En noviembre de 1914 se confirmó el rol estratégico que tendría el petróleo, luego de que una fuerza expedicionaria británica, con base en la India, se apoderara de Basora para controlar los yacimientos petrolíferos de Persia (hoy Irán). En 1991, los británicos regresarían a esa zona con la fuerza multinacional que invadió Irak.

Durante el resto del siglo XX los Balcanes siguieron siendo foco de interés de la avaricia capitalista y punto de inestabilidad étnica. Tras la desintegración de Yugoslavia y la llamada Guerra de los Balcanes (1992-1999), los europeos alineados con EE. UU. libraron ahí con la OTAN otra ofensiva contra Serbia, en Kosovo. Hoy se sabe que las multinacionales occidentales explotan las reservas de minerales de Kosovo (plomo, cinc, cadmio, plata y oro) y su abundante existencia de carbón (17 billones de toneladas).

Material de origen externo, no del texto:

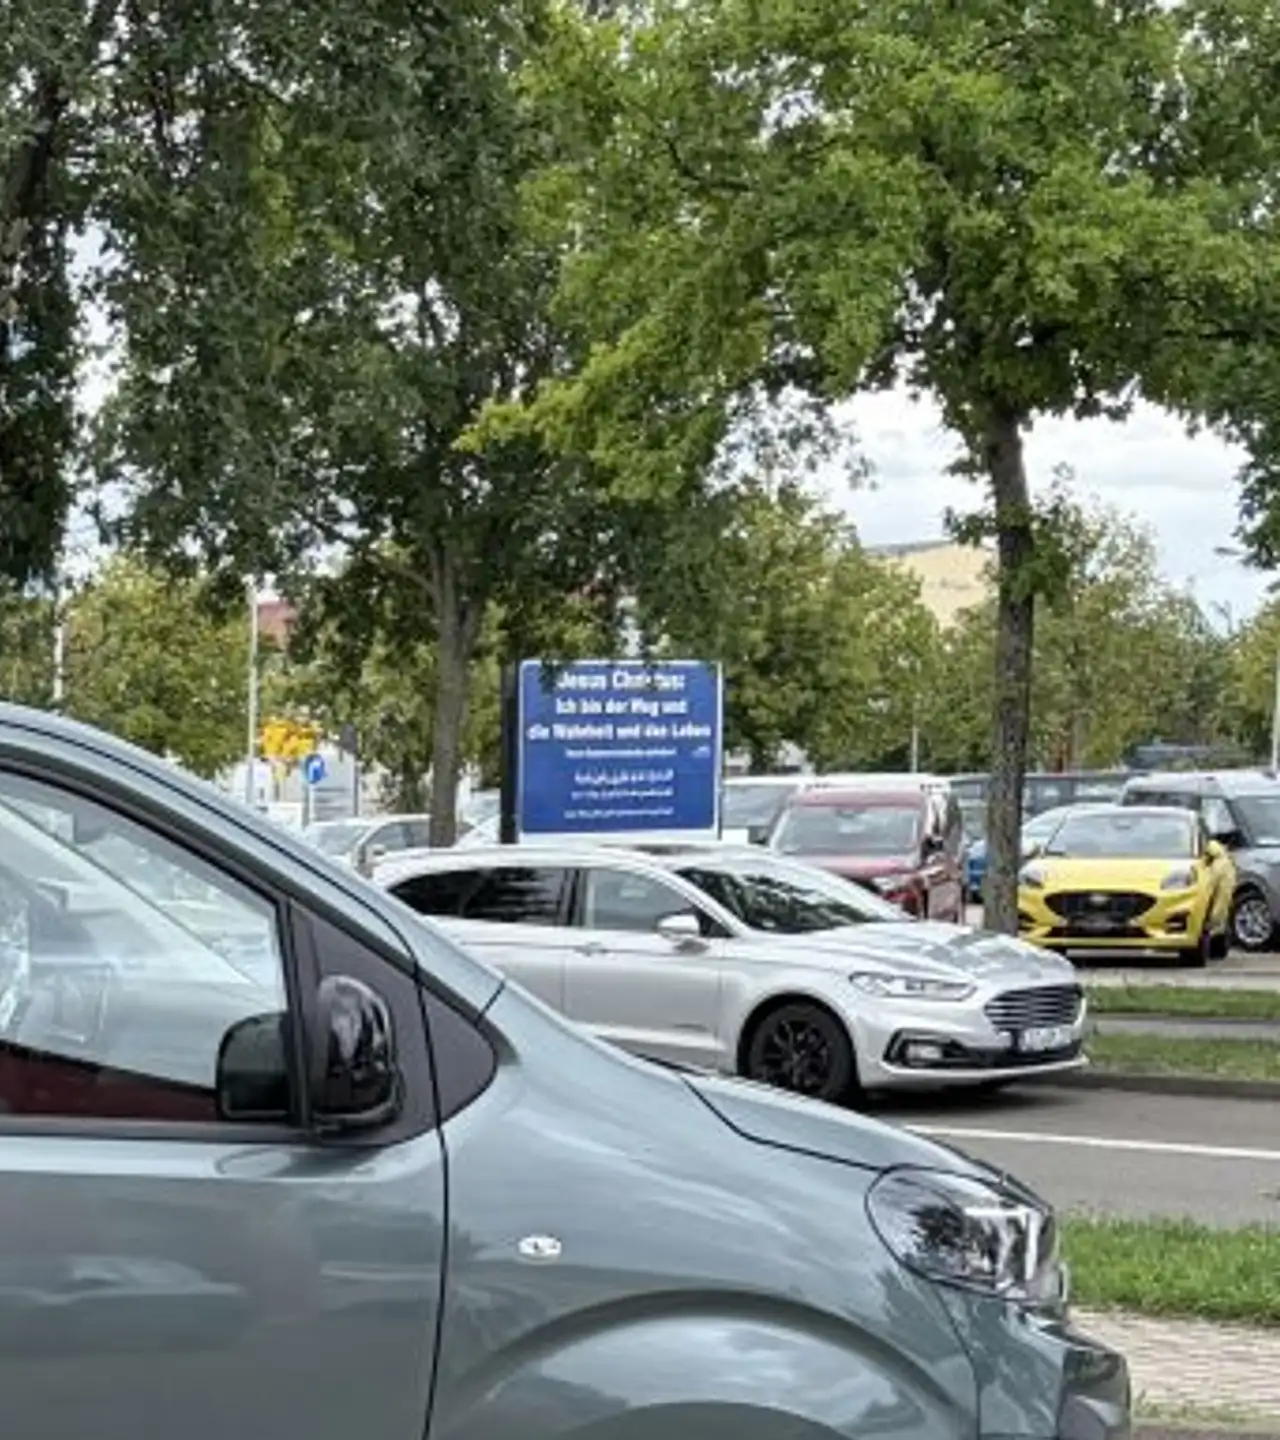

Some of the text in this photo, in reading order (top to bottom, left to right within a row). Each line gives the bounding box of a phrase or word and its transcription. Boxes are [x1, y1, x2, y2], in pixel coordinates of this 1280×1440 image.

[557, 671, 607, 691] Jesus
[556, 698, 687, 717] Ich bin der Weg und
[527, 722, 550, 740] die
[552, 722, 614, 740] Wahrheit
[616, 723, 640, 739] und
[671, 722, 712, 739] Leben

El pasado 28 de junio se conmemoró en esa región el centenario de la guerra con la inauguración del pueblo Andricgrad, ideado por el cineasta y nacionalista serbio Emir Kusturica, en honor al Nobel de Literatura Ivo Andric. Mientras tanto, en el barrio serbio de Sarajevo se develaba una estatua en memoria a Gavrilo Princip, el hombre que disparó contra el archiduque Francisco Fernando; sin embargo, para los musulmanes croatas, Princip es un terrorista y han borrado su huella.

Europa concluyó el siglo XX con la supresión de los controles fronterizos por el Convenio de Schengen en marzo de 1995, esa ciudad luxemburguesa, a 400 kilómetros del sitio donde se libró la ofensiva del río francés Somme, –que cobrara un millón de vidas en 1916– de la Primera Guerra Mundial.

A un siglo de esa confrontación éstas son las principales lecciones. El escenario global está dominado por una superpotencia militar: EE. UU., cuyo presupuesto bélico para este año supera los 572 mil millones de dólares, según el diario especializado en asuntos legislativos The Hill.